::: Data for processing :::

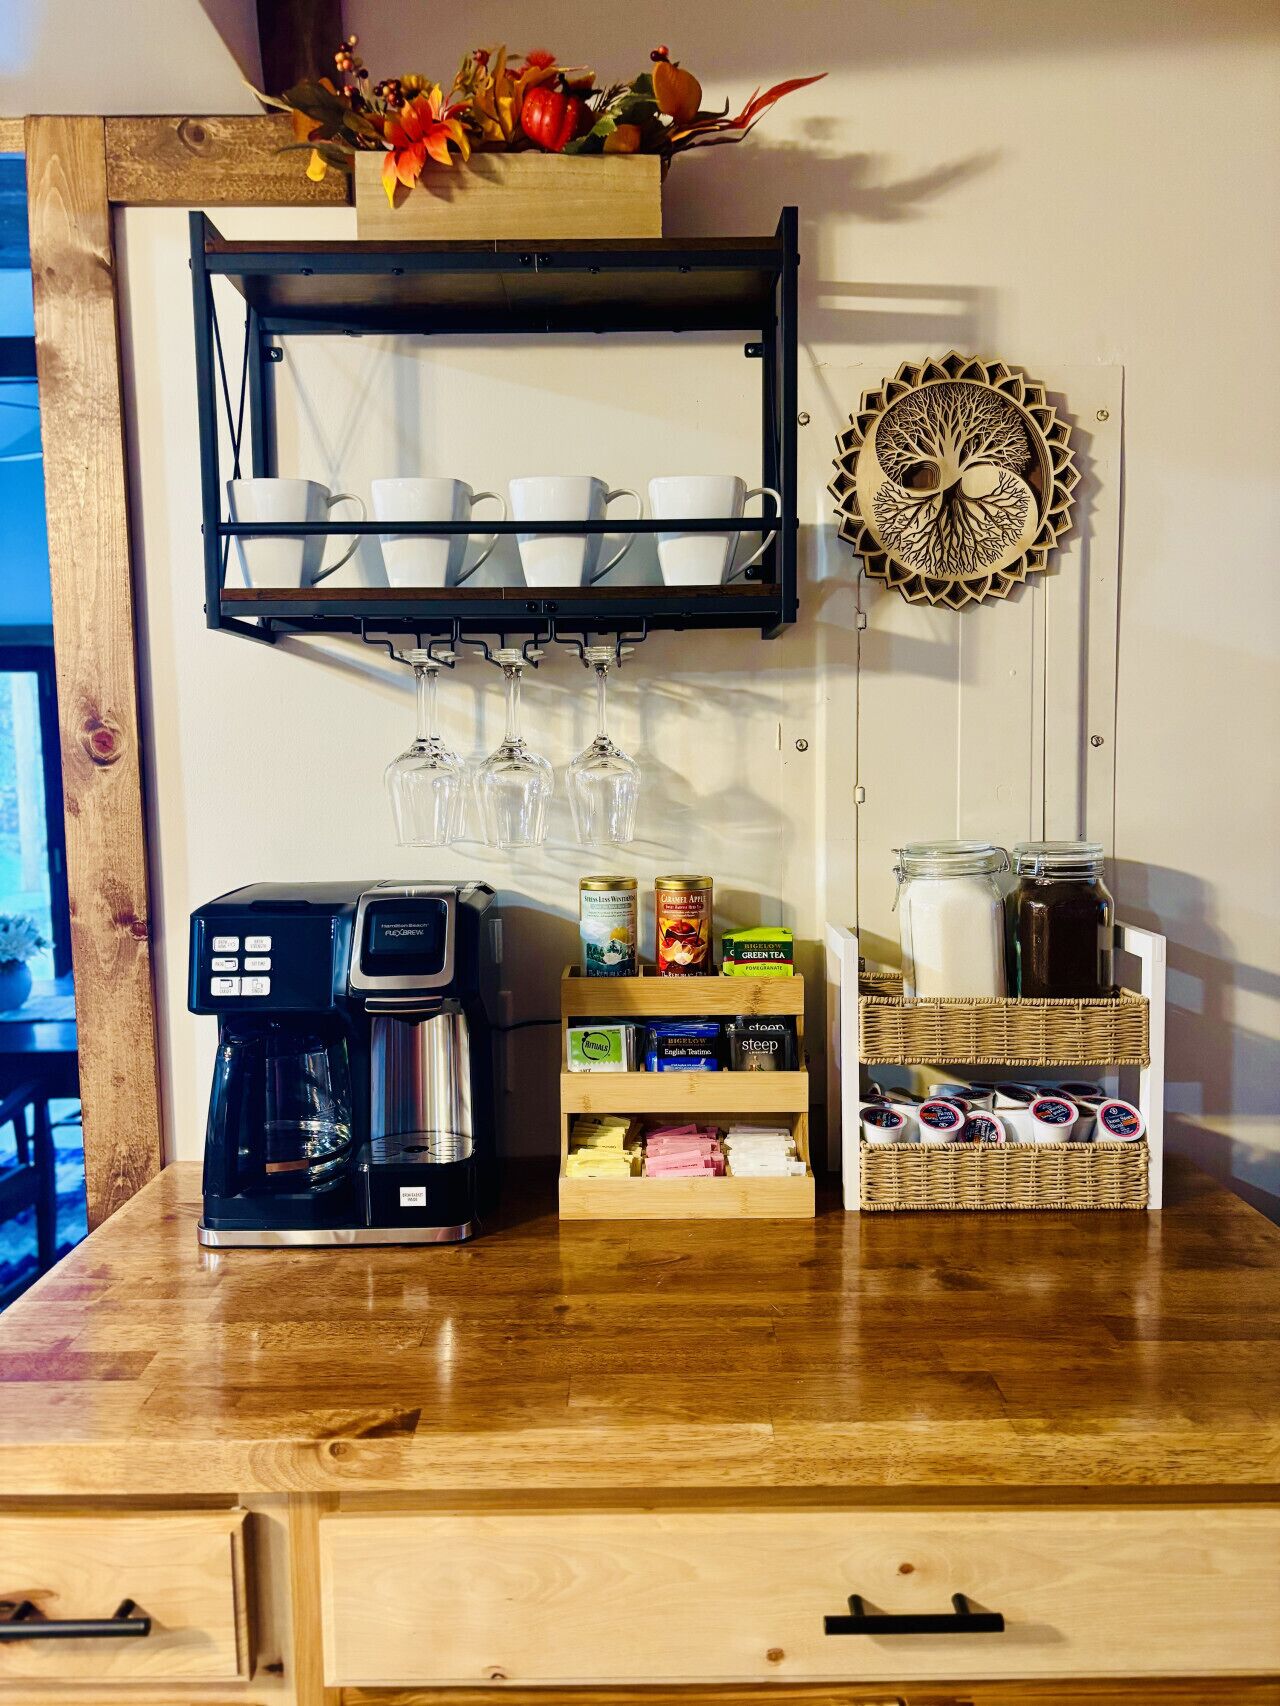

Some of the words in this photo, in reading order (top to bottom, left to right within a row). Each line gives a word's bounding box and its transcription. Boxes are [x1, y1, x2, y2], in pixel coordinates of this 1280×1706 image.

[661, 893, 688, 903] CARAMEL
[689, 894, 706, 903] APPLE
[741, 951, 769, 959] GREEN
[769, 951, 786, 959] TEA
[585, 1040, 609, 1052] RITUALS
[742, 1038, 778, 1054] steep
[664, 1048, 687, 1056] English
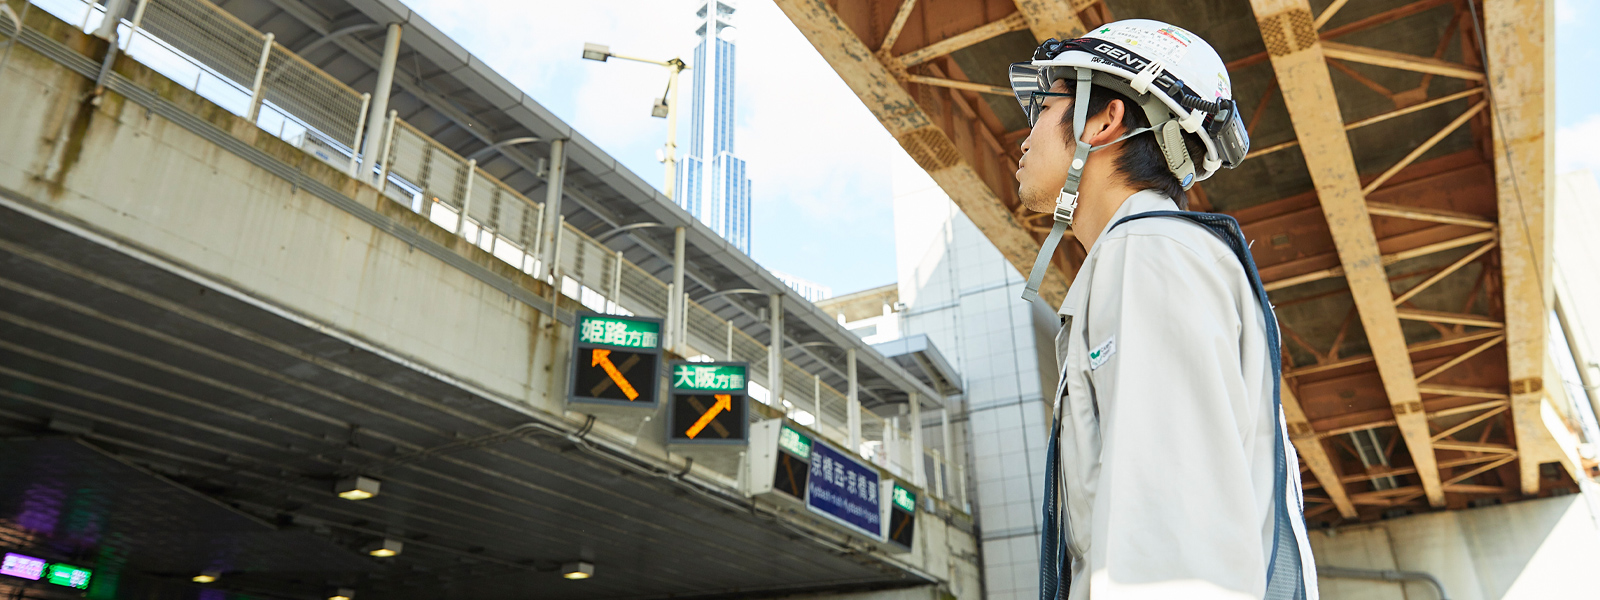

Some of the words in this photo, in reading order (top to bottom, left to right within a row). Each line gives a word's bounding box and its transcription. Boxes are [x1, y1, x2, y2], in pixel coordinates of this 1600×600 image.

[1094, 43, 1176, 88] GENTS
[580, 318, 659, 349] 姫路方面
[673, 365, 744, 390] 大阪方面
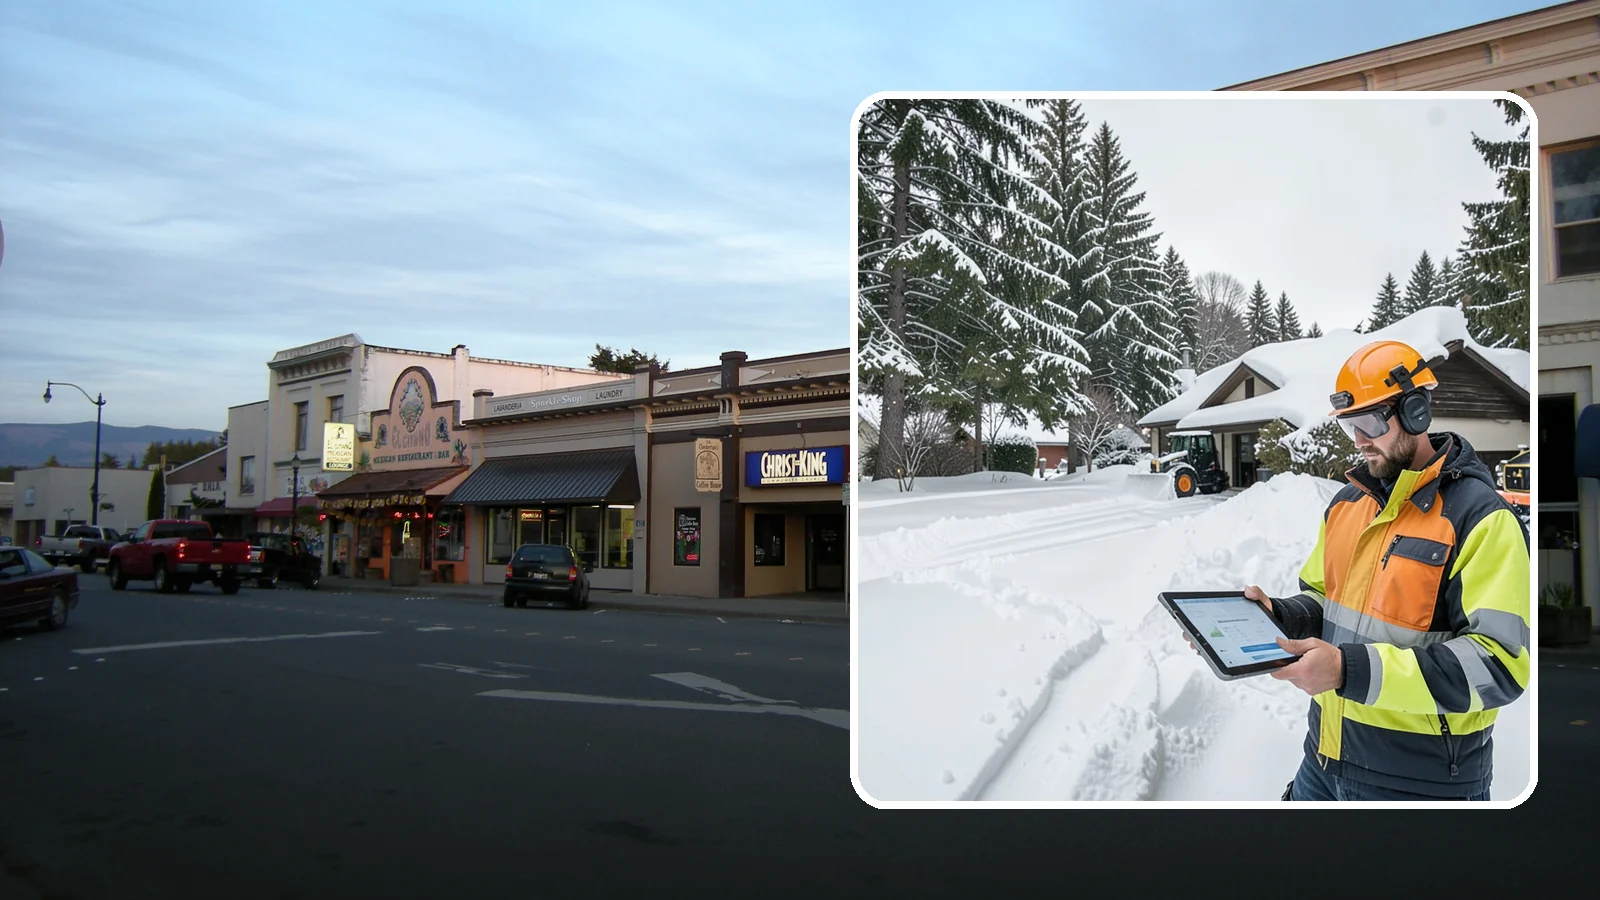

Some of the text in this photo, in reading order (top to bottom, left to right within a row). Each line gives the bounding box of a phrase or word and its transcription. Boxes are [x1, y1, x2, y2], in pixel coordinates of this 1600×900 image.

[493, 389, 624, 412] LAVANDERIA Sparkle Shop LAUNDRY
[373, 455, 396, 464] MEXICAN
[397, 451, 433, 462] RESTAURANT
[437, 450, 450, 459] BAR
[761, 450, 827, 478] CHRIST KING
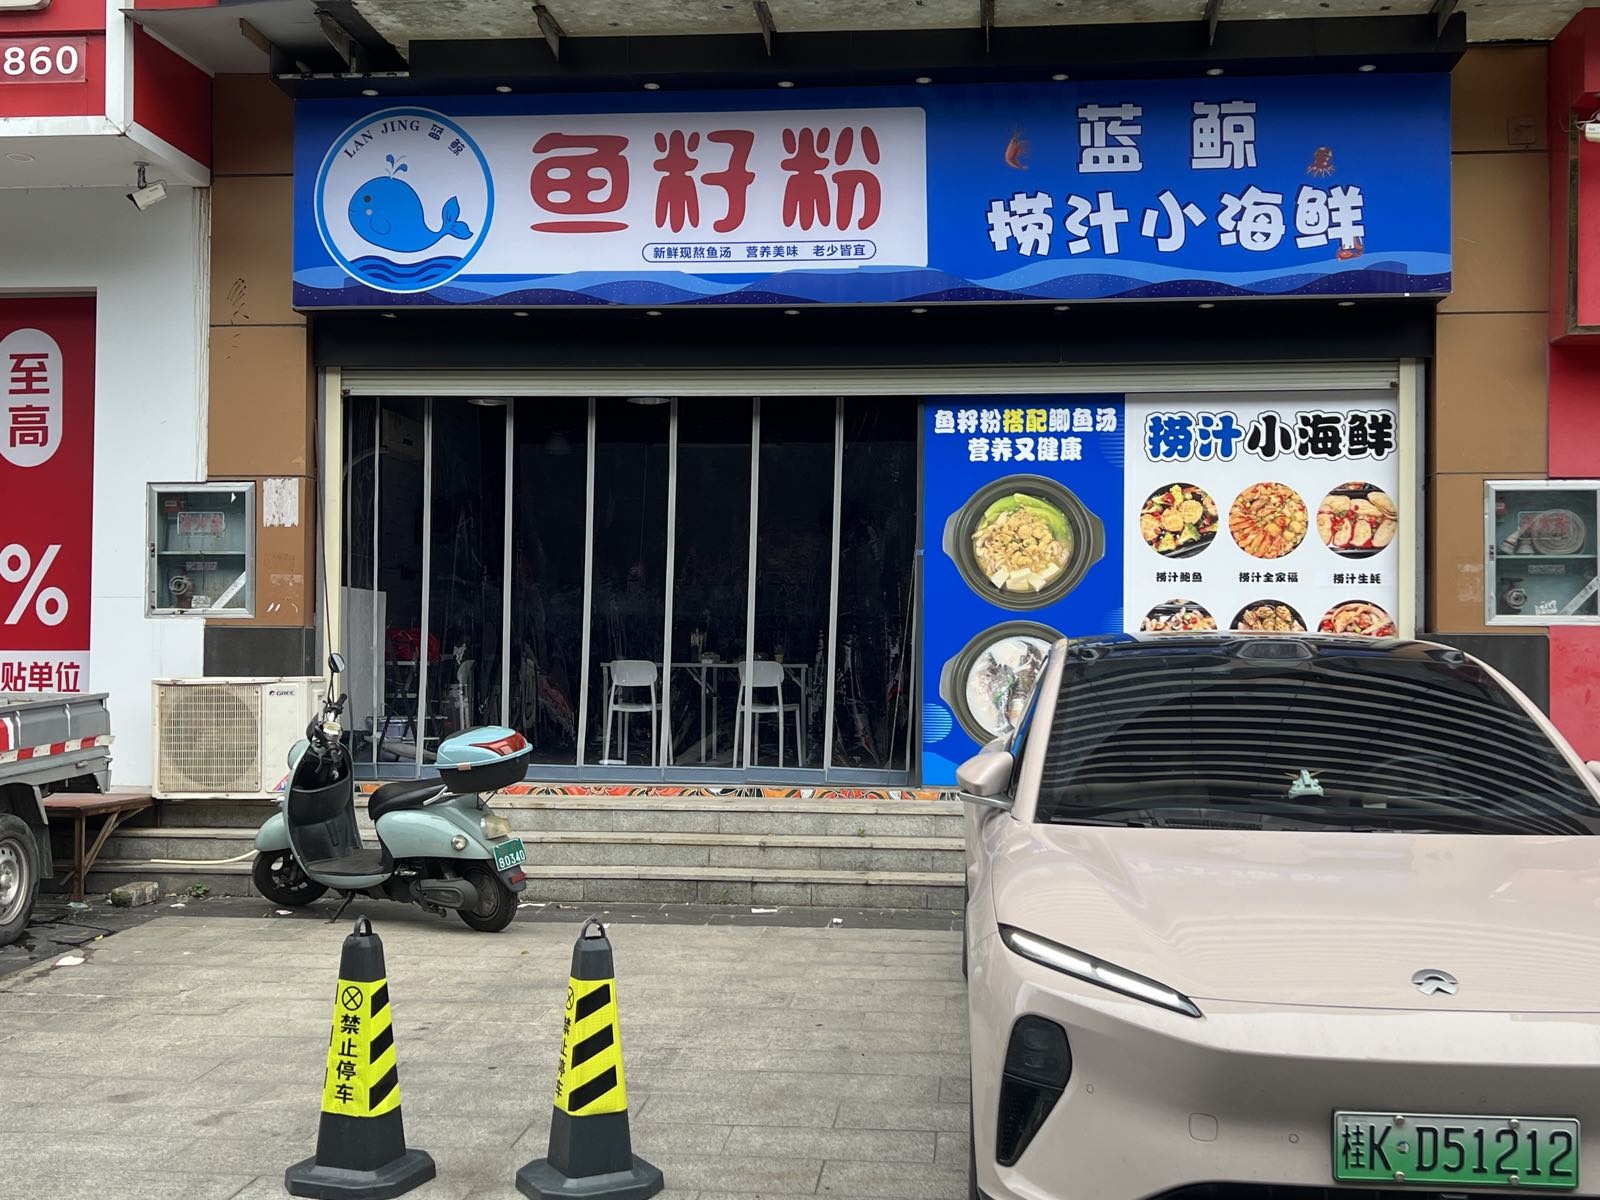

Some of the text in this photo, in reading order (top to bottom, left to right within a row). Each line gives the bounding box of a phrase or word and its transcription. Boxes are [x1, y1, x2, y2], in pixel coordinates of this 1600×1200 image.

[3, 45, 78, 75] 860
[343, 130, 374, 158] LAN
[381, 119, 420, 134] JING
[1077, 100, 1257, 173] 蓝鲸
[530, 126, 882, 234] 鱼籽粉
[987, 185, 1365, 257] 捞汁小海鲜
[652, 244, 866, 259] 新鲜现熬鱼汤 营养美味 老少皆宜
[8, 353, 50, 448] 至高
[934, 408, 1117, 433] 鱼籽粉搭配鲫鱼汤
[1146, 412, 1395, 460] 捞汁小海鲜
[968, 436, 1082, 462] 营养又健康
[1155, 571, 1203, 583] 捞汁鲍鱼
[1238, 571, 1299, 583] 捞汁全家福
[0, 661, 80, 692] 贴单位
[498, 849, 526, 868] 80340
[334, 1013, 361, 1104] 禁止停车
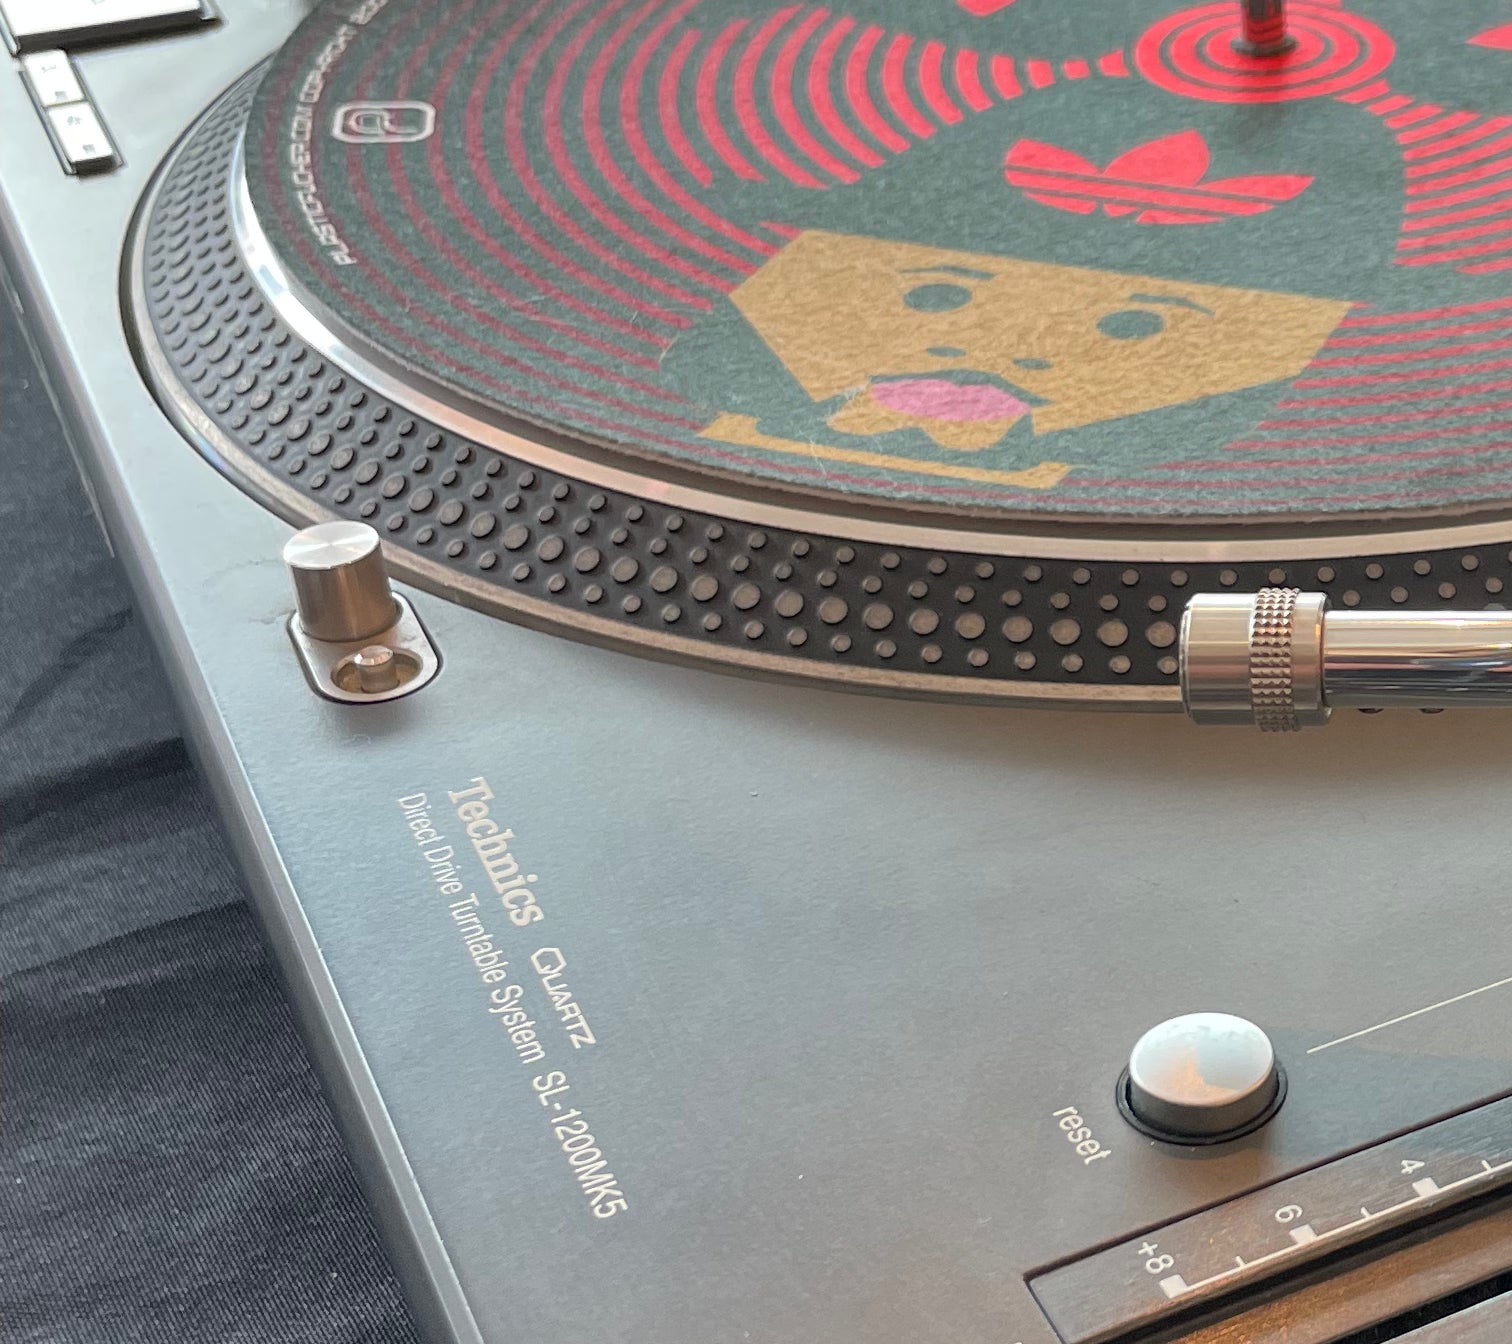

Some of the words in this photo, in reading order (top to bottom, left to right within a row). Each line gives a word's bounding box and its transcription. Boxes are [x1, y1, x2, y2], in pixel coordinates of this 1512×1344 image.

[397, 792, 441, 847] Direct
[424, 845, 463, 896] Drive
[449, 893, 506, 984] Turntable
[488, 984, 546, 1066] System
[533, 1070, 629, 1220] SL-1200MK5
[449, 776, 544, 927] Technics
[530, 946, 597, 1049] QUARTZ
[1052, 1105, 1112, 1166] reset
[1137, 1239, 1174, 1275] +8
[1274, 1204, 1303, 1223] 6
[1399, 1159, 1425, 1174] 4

:::

# [Assigned task]
The answer must match the entries above line for line, with the pictures dropped.

# [Solution for this problem]
Some of the words in this photo, in reading order (top to bottom, left to right within a row). Each line gives a word's bounding box and its transcription. Boxes are [x1, y1, x2, y2], in pixel coordinates of this 1280×1706 image.

[661, 893, 688, 903] CARAMEL
[689, 894, 706, 903] APPLE
[741, 951, 769, 959] GREEN
[769, 951, 786, 959] TEA
[585, 1040, 609, 1052] RITUALS
[742, 1038, 778, 1054] steep
[664, 1048, 687, 1056] English

Some of the words in this photo, in reading order (top to bottom, left to right within a row). Each line gives a word's bounding box and its transcription. Boxes are [x1, y1, x2, y2], in pixel coordinates of this 1600×600 image.

[1094, 43, 1176, 88] GENTS
[580, 318, 659, 349] 姫路方面
[673, 365, 744, 390] 大阪方面

Some of the text in this photo, in reading order (top to bottom, left to right within a row). Each line gives the bounding box of a phrase or word and its transcription. Boxes are [x1, y1, x2, y2], in pixel coordinates of this 1600×900 image.

[493, 389, 624, 412] LAVANDERIA Sparkle Shop LAUNDRY
[373, 455, 396, 464] MEXICAN
[397, 451, 433, 462] RESTAURANT
[437, 450, 450, 459] BAR
[761, 450, 827, 478] CHRIST KING

Some of the text in this photo, in reading order (top to bottom, left to right within a row). Each line gives the bounding box of a phrase or word and its transcription. Boxes are [x1, y1, x2, y2], in pixel coordinates of this 1600×1200 image.

[3, 45, 78, 75] 860
[343, 130, 374, 158] LAN
[381, 119, 420, 134] JING
[1077, 100, 1257, 173] 蓝鲸
[530, 126, 882, 234] 鱼籽粉
[987, 185, 1365, 257] 捞汁小海鲜
[652, 244, 866, 259] 新鲜现熬鱼汤 营养美味 老少皆宜
[8, 353, 50, 448] 至高
[934, 408, 1117, 433] 鱼籽粉搭配鲫鱼汤
[1146, 412, 1395, 460] 捞汁小海鲜
[968, 436, 1082, 462] 营养又健康
[1155, 571, 1203, 583] 捞汁鲍鱼
[1238, 571, 1299, 583] 捞汁全家福
[0, 661, 80, 692] 贴单位
[498, 849, 526, 868] 80340
[334, 1013, 361, 1104] 禁止停车

Some of the words in this photo, in reading order (top to bottom, left to right within a row). Each line gives a word's bounding box and its transcription. Boxes are [x1, y1, x2, y2], in pixel coordinates of this 1512×1344 image.

[397, 792, 441, 847] Direct
[424, 845, 463, 896] Drive
[449, 893, 506, 984] Turntable
[488, 984, 546, 1066] System
[533, 1070, 629, 1220] SL-1200MK5
[449, 776, 544, 927] Technics
[530, 946, 597, 1049] QUARTZ
[1052, 1105, 1112, 1166] reset
[1137, 1239, 1174, 1275] +8
[1274, 1204, 1303, 1223] 6
[1399, 1159, 1425, 1174] 4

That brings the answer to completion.